Colleges Dole Out Cash, Free Parking, Laundry & Ski Passes To Make Up For On-Campus Housing Shortages

Colleges Dole Out Cash, Free Parking, Laundry & Ski Passes To Make Up For On-Campus Housing Shortages

The “year off” school that many students took due to the Covid-19 pandemic is coming back to bite colleges this fall in the form of a major housing shortage. 

In fact, schools like Middlebury College in Vermont and Dartmouth College are offering incentives to try and alleviate the stress of what is going to be a housing crunch when the new school year starts. Middlebury is giving its students ski passes to try and move them to satellite housing, while Dartmouth is offering $5,000 to students to get them to back out of living on campus. Dartmouth is also converting “common areas into bedrooms and doubles into triples,” Bloomberg reported this week. 

Justin Anderson, a Dartmouth spokesman, commented: “Other potential solutions, such as new modular housing or blocks of hotel space, proved to be less feasible.”

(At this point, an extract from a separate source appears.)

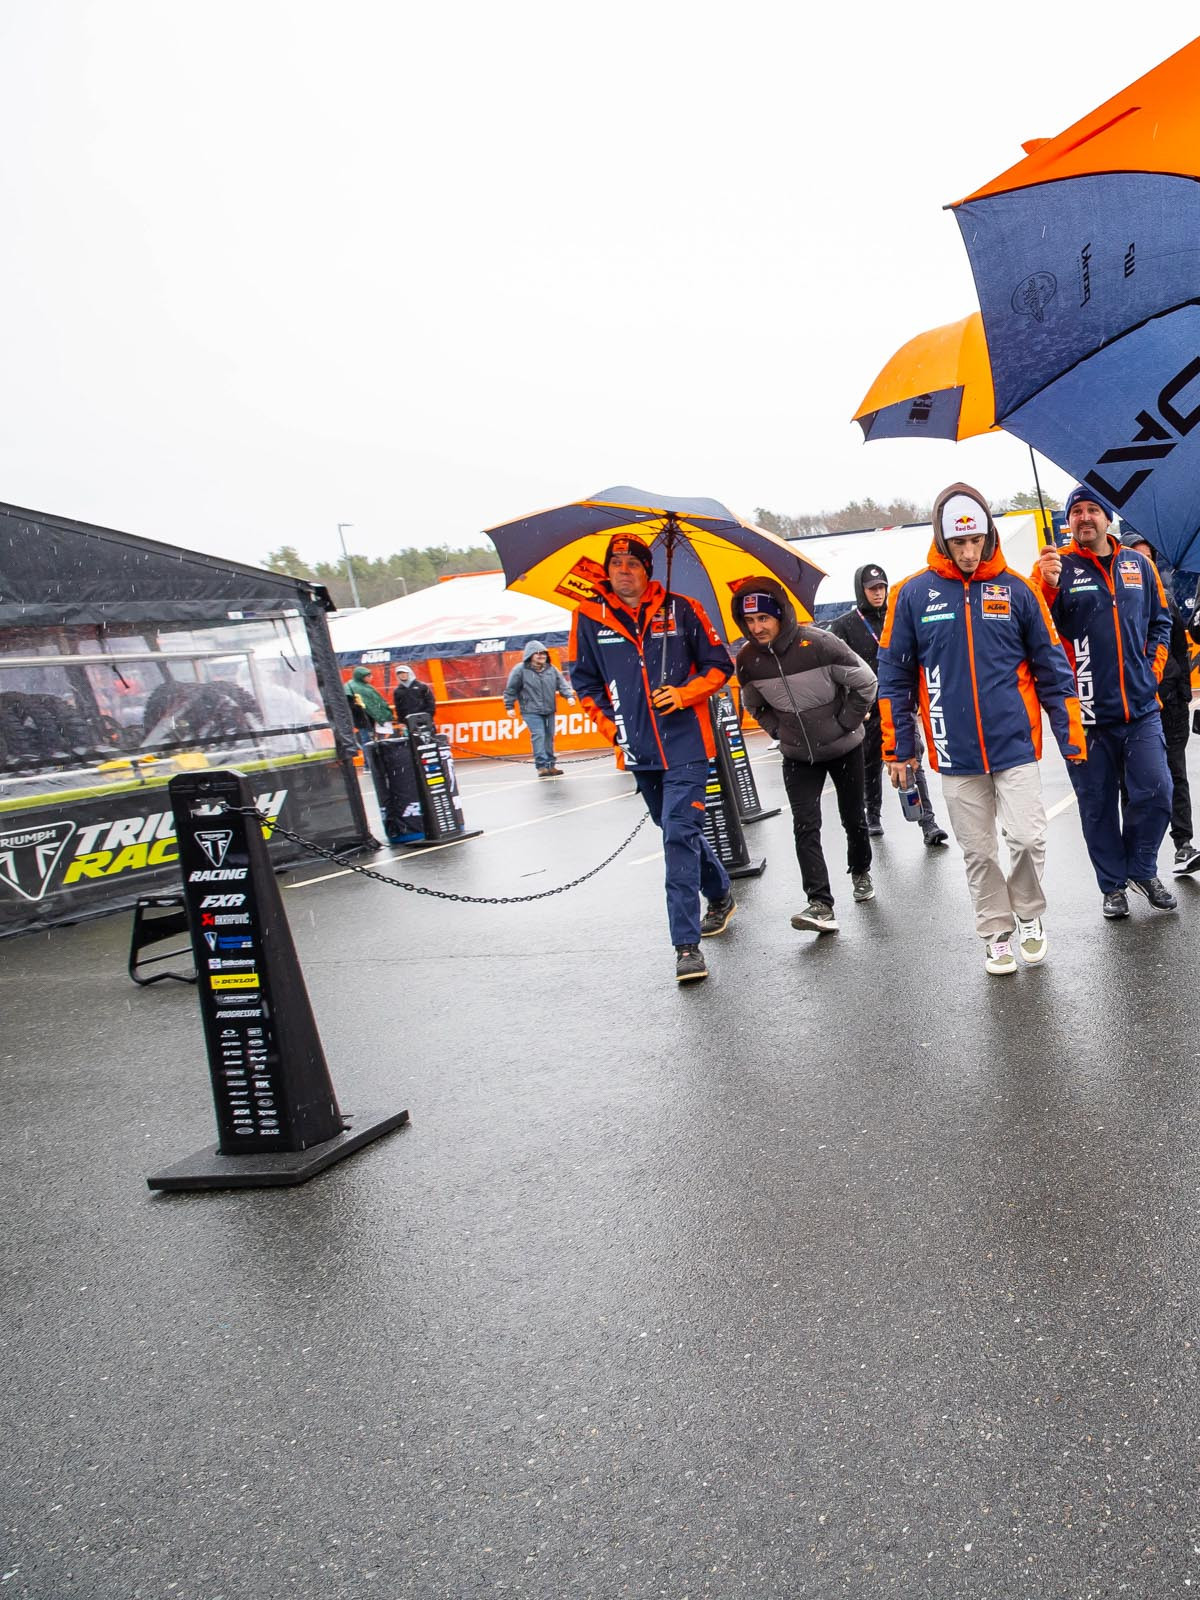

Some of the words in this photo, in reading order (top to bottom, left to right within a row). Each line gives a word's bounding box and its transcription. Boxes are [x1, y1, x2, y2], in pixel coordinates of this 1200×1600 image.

[926, 664, 952, 767] RACING
[437, 719, 527, 744] ACTORY
[189, 868, 248, 882] RACING
[200, 894, 246, 908] FXR

Middlebury’s enrollment was up 13% to 2,880 from a typical year. It has also moved its room and board discount up to 50% for students who opt to live off campus and shuttle to campus. This deal includes ski passes, free laundry and a faculty parking pass.

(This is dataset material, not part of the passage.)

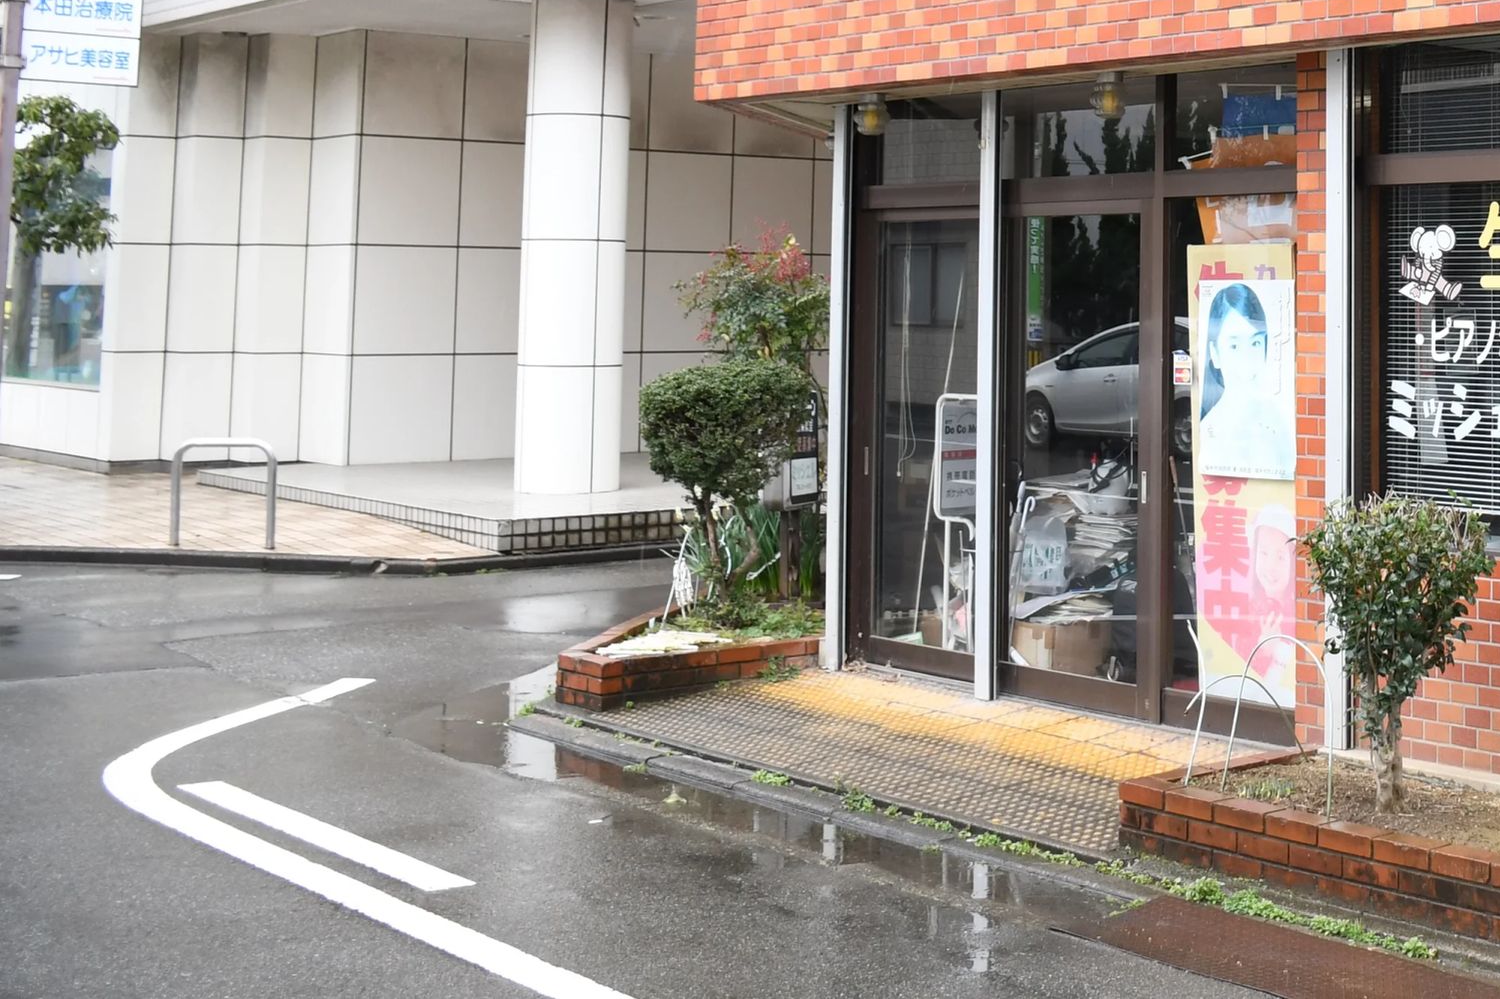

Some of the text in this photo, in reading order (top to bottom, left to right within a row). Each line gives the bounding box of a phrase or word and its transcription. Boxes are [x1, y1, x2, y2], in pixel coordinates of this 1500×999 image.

[30, 44, 130, 70] アサヒ美容室

Derek Doucet, dean of students, commented: “Our first priority is to provide an in-person educational experience to all active students who wish to be here.”

The shortage is going to hit harder at many liberal arts colleges where the on-campus experience is part of the appeal of the school. Alex Bloom, director of undergraduate enrollment research at EAB Global Inc, said that people at these schools “want to walk around and have a sense of intimacy, a small environment with access to everything” and that their “value proposition is most dependent on the in-person college experience.”

“The line between living and learning is practically nonexistent,” Pomona College’s website says. 94% of students usually live on campus for all four years. 

The shortage poses extra challenges since many students are excited about the prospect of resuming “normal” and again living on campus. “Living on campus was something I really wanted to do because I’d been away for so long,” said 20-year-old Valeria Andrade at Dartmouth.

Many other colleges are expecting robust enrollment for the coming year as well. Harvard, for example, is set to have its largest freshman class since World War II, the report noted.